Dementia is defined as a progressive major neurocognitive syndromal (group of signs/symptoms) disorder characterised by neuropsychological impairments, reduced ability to perform activities in everyday life and behavioural and psychological symptoms of dementia (BPSD). These deficits cause significant impairment in social or occupational functioning and represent a significant decline from a previous level of functioning [3].
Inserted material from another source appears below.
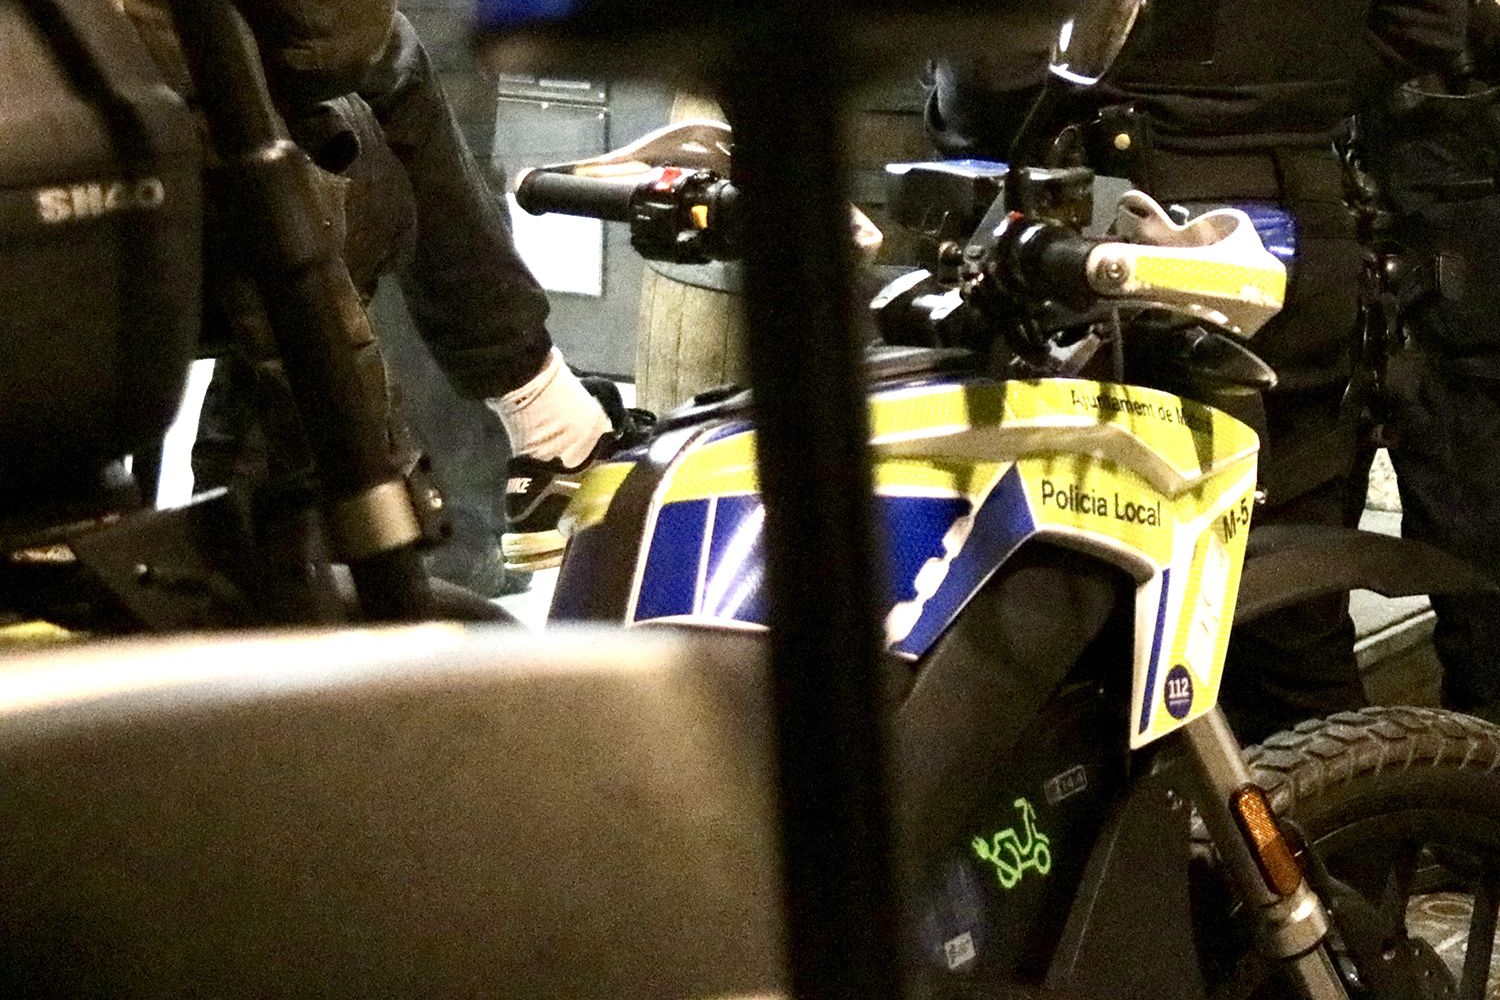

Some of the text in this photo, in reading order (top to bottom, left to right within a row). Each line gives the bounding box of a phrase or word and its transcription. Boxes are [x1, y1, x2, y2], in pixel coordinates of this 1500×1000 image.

[1041, 479, 1161, 527] Policia Local
[1223, 498, 1250, 544] M-5
[1168, 677, 1190, 699] 112
The progression of the disease greatly differs from one type to another, but most types of dementia are characterised by an early loss of declarative memory and progressive deficits in other cognitive domains (
The increasing number of PWD will lead to a rising demand for informal and formal care services in order to attend to the needs of this group of people. The possibility of getting support depends on numerous interrelated factors such as patients’ and carers’ (socio-economic) characteristics, care setting, provision of services, availability of healthcare providers and the degree of integration among care networks. Some research suggests that co-habitant family caregivers (CGs) could be replacing formal support services provided that they accept supervision or advice from social and primary healthcare services. Unfortunately, many CGs do not connect their relative with social and healthcare professionals, which may constitute a disadvantage for both of them [5]. There are different reasons why CGs do not search formal support among which the principal are stigma surrounding dementia, CGs’ perceived lack of need and support, PWD’s refusal to accept help, service characteristics and lack of knowledge about service availability [6, 7]. All these findings show PWD as a vulnerable group. Developing interventions, such as case/care management which allow the coordination between different agents involved in community care might offer the possibility necessary to satisfy the needs of PWD and their CGs in the primary care context [8].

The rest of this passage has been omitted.